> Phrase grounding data
=== Section Start ===

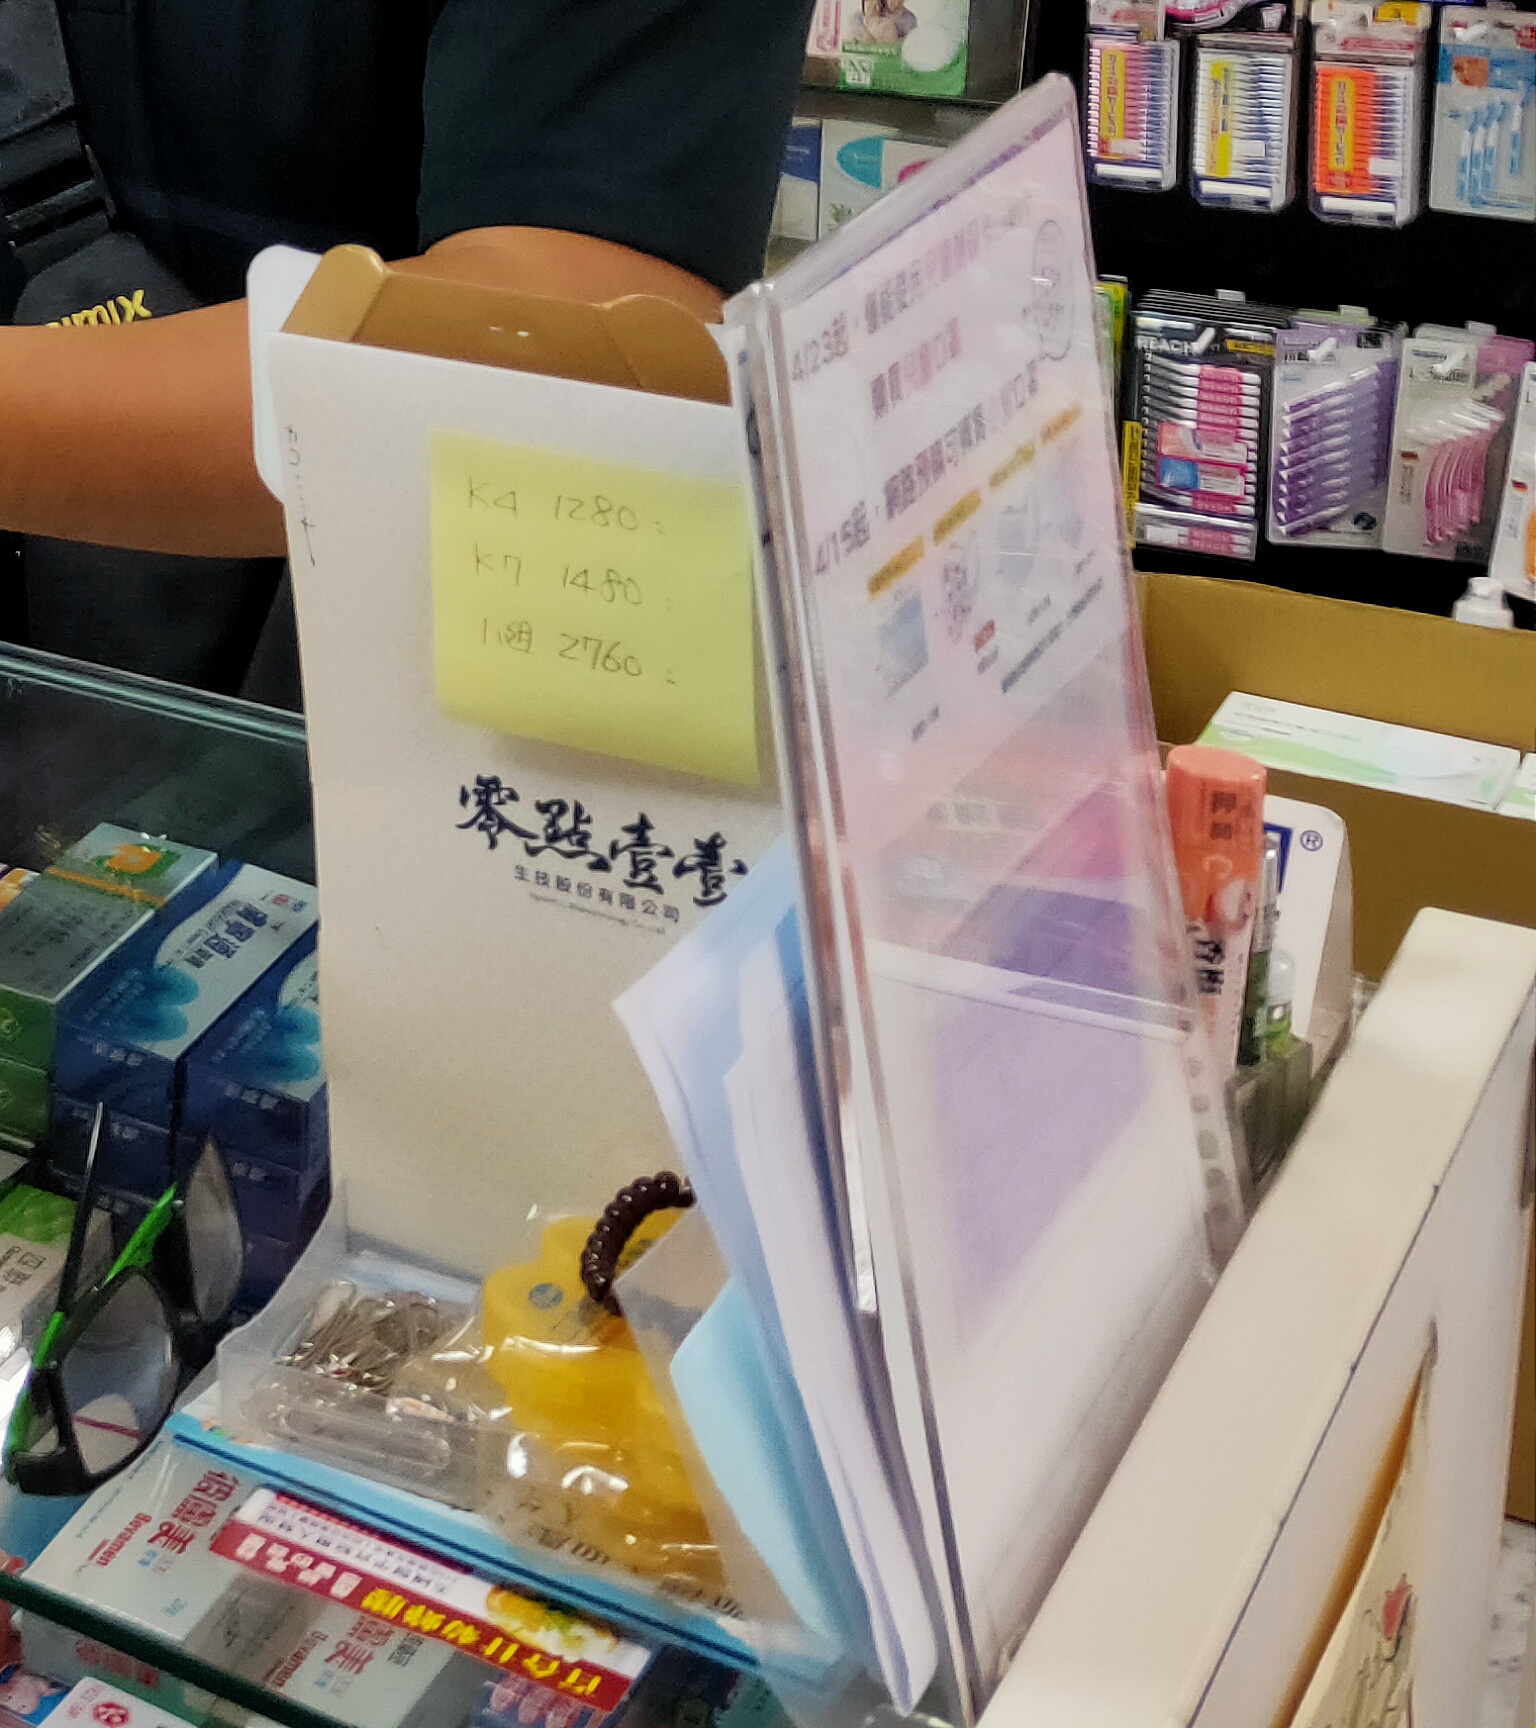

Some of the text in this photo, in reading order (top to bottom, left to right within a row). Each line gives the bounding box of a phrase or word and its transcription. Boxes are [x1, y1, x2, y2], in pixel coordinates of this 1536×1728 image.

[554, 494, 640, 533] 1280
[562, 566, 644, 607] 1480
[558, 631, 643, 677] 2760
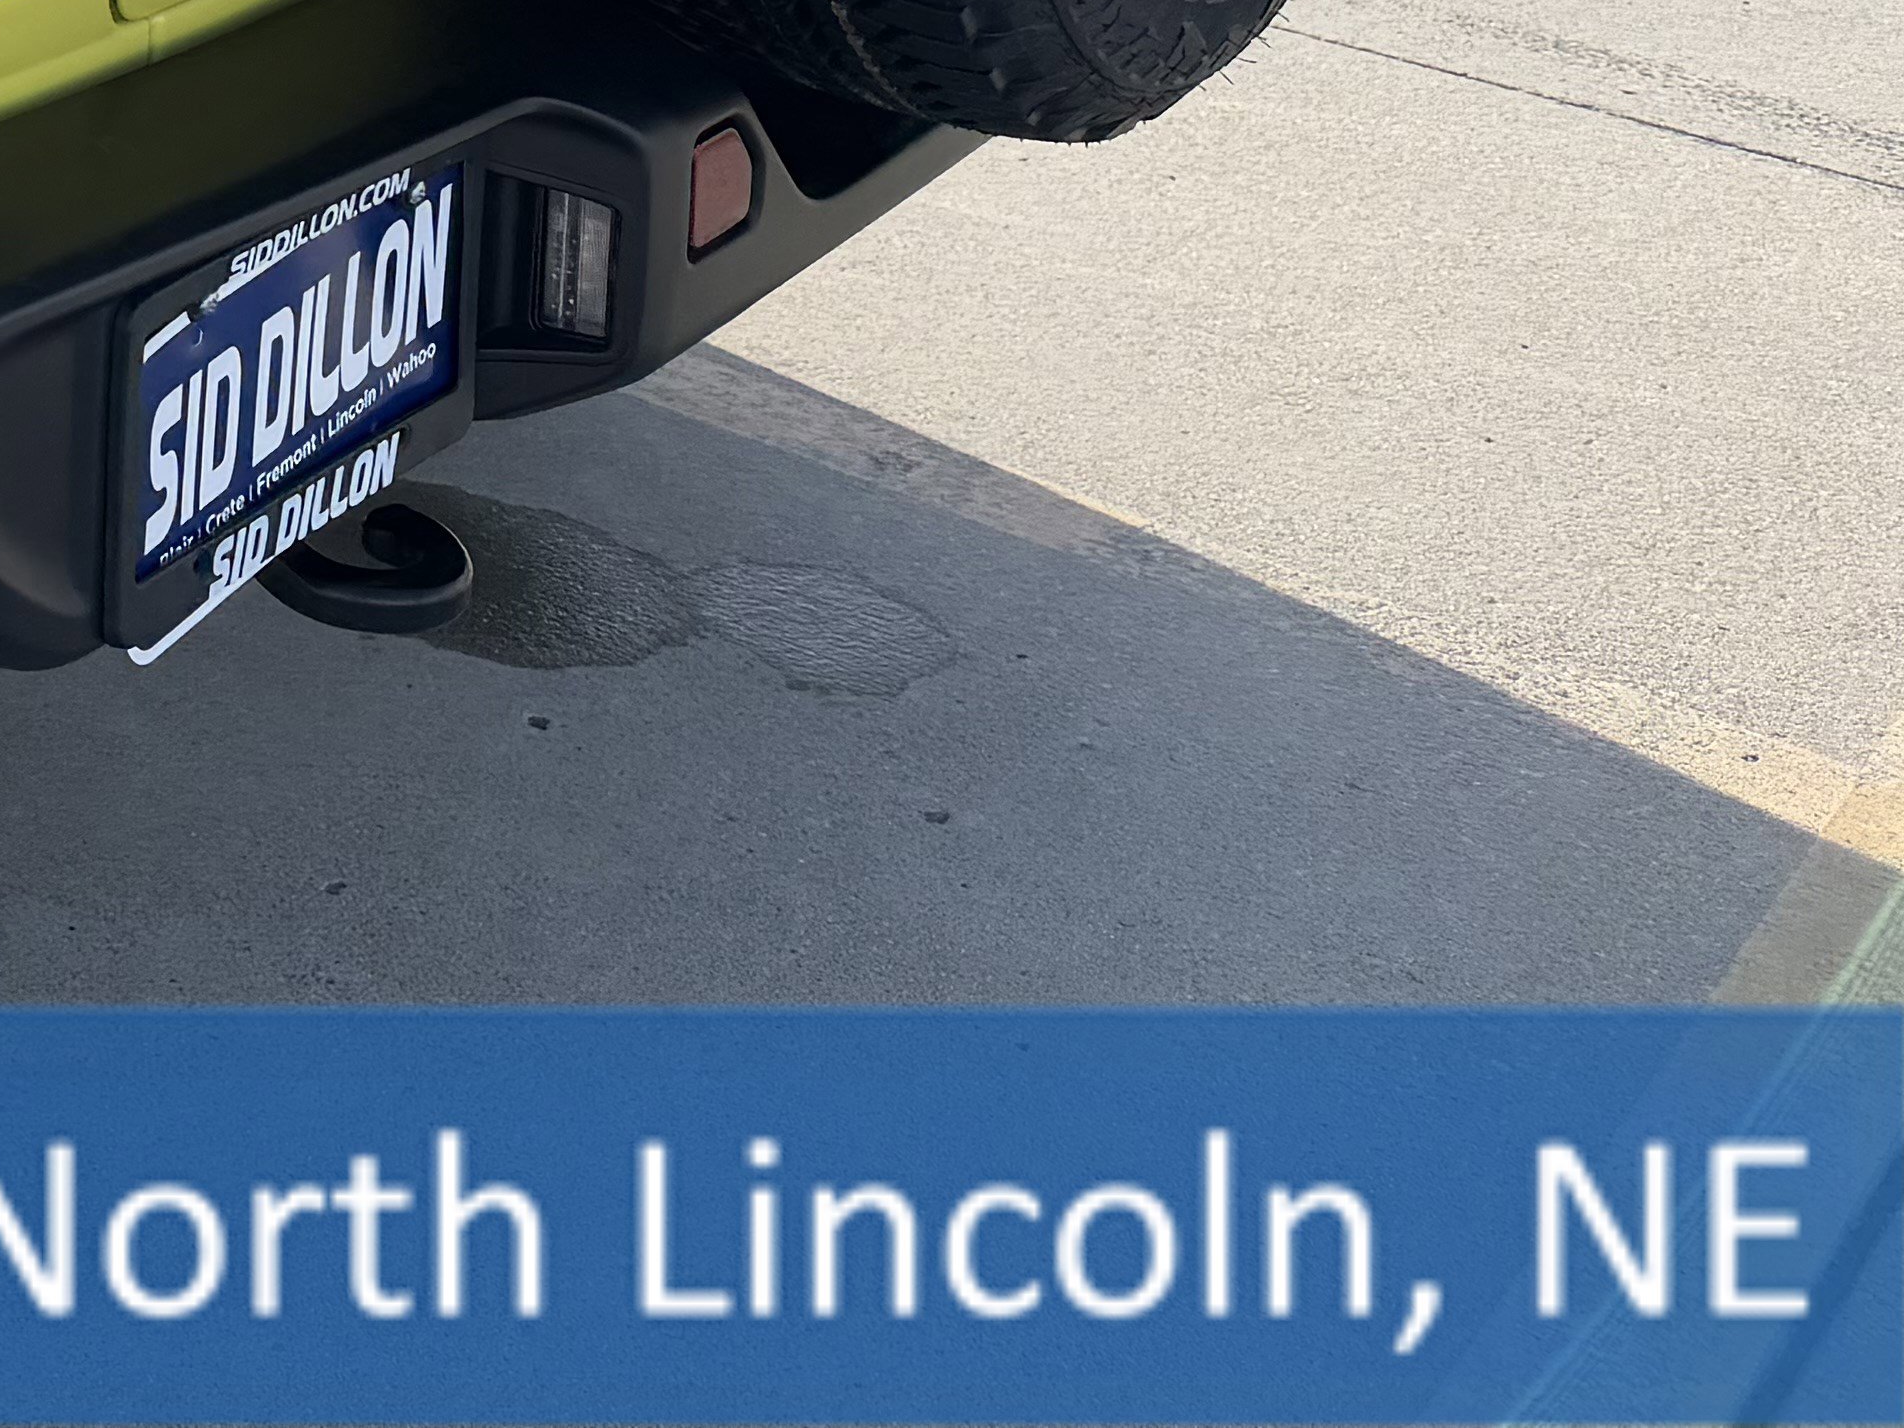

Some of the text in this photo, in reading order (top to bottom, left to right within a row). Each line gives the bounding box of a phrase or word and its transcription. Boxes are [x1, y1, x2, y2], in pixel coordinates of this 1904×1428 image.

=== Section End ===

> AIM OF THE TASK
Your job is to copy every entry exactly. Omit the pictures.

> EXERCISE OUTPUT
Some of the text in this photo, in reading order (top to bottom, left to right within a row). Each line gives the bounding box of a phrase or word and its transcription. Boxes are [x1, y1, x2, y2], in pixel coordinates of this 1536×1728 image.

[554, 494, 640, 533] 1280
[562, 566, 644, 607] 1480
[558, 631, 643, 677] 2760

Some of the text in this photo, in reading order (top to bottom, left to right within a row). Each line gives the bounding box of a phrase or word and its transcription. Boxes are [x1, y1, x2, y2], in pixel coordinates of this 1904×1428 image.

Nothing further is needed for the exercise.